Tout en notant que le principe d'égalité était formellement reconnu dans la Constitution, une experte a observé que celui-ci se heurtait à une vision beaucoup plus conservatrice de la société qui s'éloigne des engagements internationaux et du modèle que la Turquie a su forger depuis le début du siècle dernier. Cette évolution, a précisé l'experte, passe par la valorisation quasi-exclusive du rôle des femmes en tant que mères de famille. Elle passe aussi par la condamnation politique de l'avortement et les obstacles au planning familial.
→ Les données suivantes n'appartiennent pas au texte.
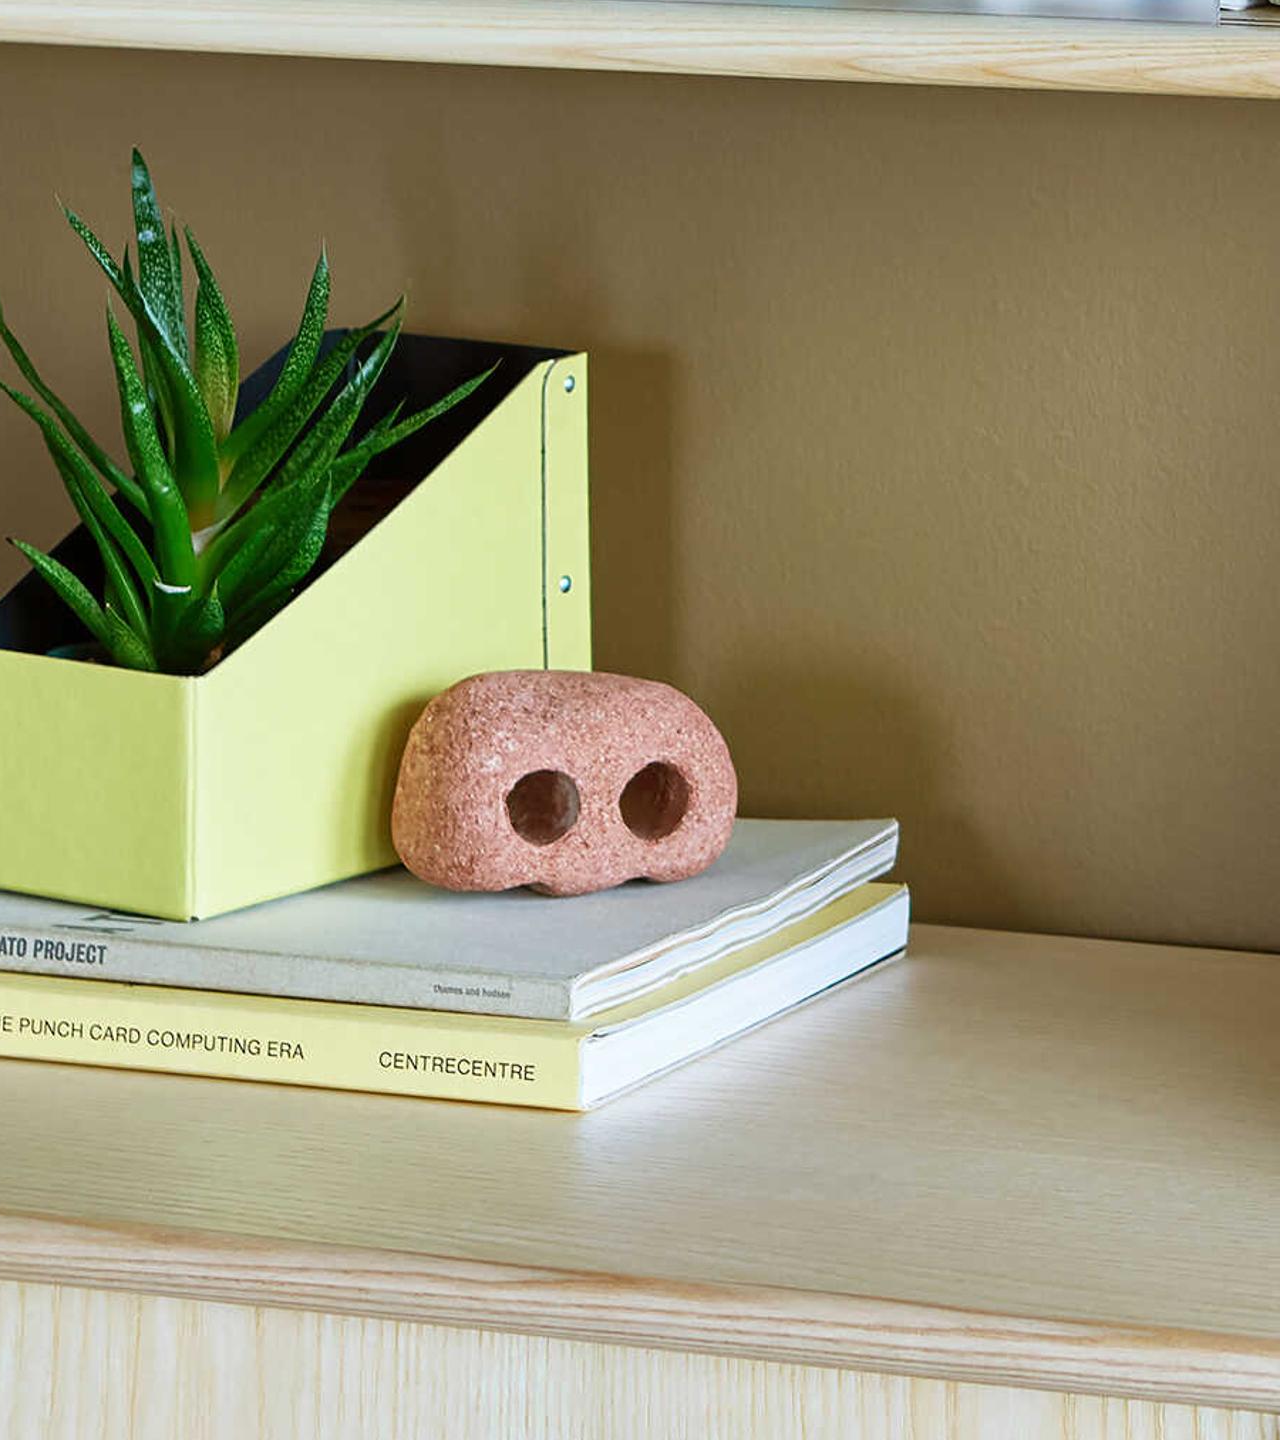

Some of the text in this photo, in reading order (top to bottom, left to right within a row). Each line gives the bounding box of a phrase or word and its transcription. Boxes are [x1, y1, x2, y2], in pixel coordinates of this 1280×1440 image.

[33, 938, 108, 965] PROJECT
[19, 1017, 84, 1039] PUNCH
[89, 1023, 141, 1045] CARD
[146, 1029, 261, 1057] COMPUTING
[267, 1040, 305, 1061] ERA
[378, 1051, 536, 1082] CENTRECENTRE
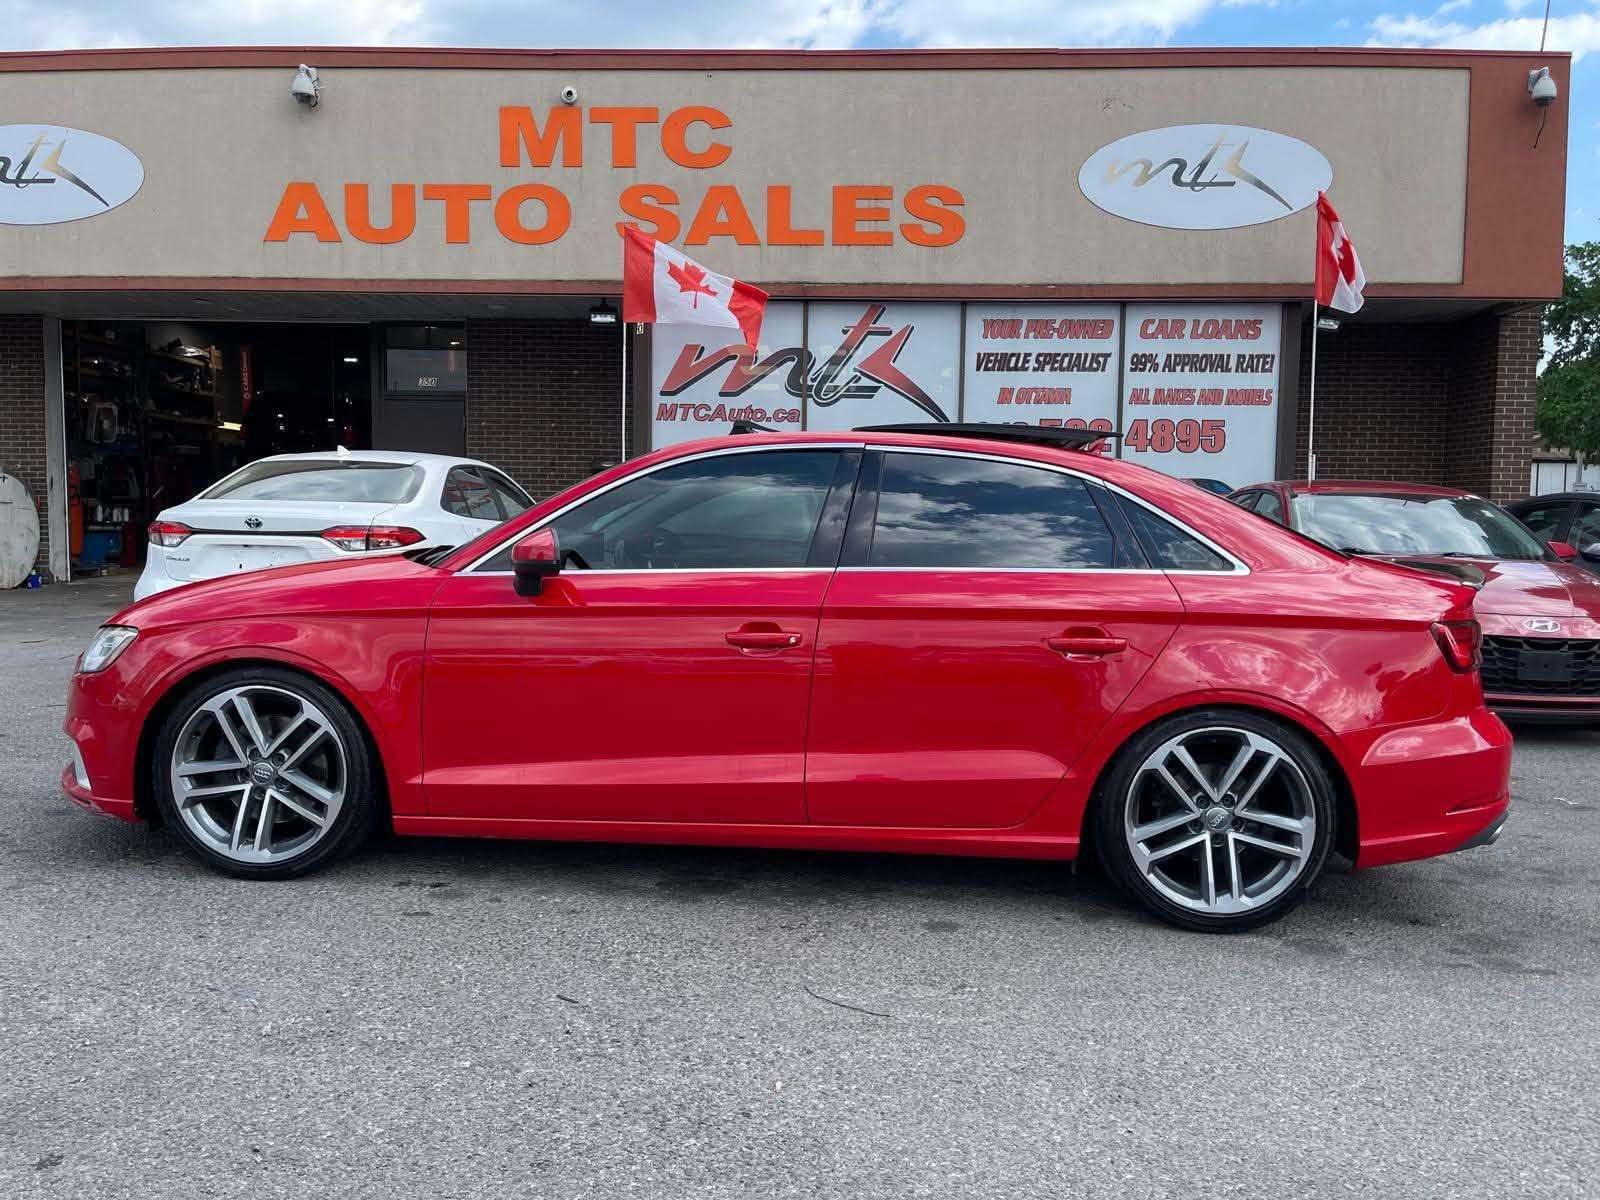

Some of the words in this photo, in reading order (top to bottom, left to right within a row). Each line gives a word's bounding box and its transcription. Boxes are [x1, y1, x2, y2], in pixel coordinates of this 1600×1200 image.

L'experte a mis en garde contre cette vision patriarcale qui réduit le rôle des femmes à la sphère privée, alors que les succès de la Turquie ces dernières années ont pour été liés en grande partie à l'implication des femmes dans la sphère publique.

La Turquie fait partie des pays dans lesquelles la prostitution est légale, a relevé une experte, ajoutant que l'on pourrait, par conséquent, s'attendre à ce que les autorités disposent d'informations précises à ce sujet. Or, le rapport turc est totalement silencieux sur ce point. Se référant à la fermeture récente d'une maison close, elle a souhaité savoir ce qu'il était advenu des femmes qui y travaillaient et si elles s'étaient vu offrir une aide à la reconversion. Elle a également souhaité avoir davantage d'informations sur les cas de prostitution forcée, notamment dans le contexte actuel de la crise migratoire sans précédent.

Une experte a constaté que bien qu'une loi de lutte contre la violence à l'encontre des femmes existe en Turquie, ce pays est classé en 105e position sur 146 pays répertoriés pour ce qui est de la violence à l'encontre des femmes. Existe-t-il des mécanismes permettant aux femmes de dénoncer les cas de maltraitance, a-t-elle demandé.

Alors que le taux d'emploi des femmes en Turquie est inférieur à la moyenne européenne et tout en saluant la réglementation permettant aux employés de pouvoir travailler à temps partiel en raison de leur parentalité, une experte s'est demandée comment les autorités comptaient faire en sorte que les femmes ne seraient pas les seules à faire valoir cette possibilité.

En matière de contraception, une experte a regretté l'accès limité aux services gratuits de planification familiale, alors qu'il semble que la tendance actuelle soit de décourager l'avortement.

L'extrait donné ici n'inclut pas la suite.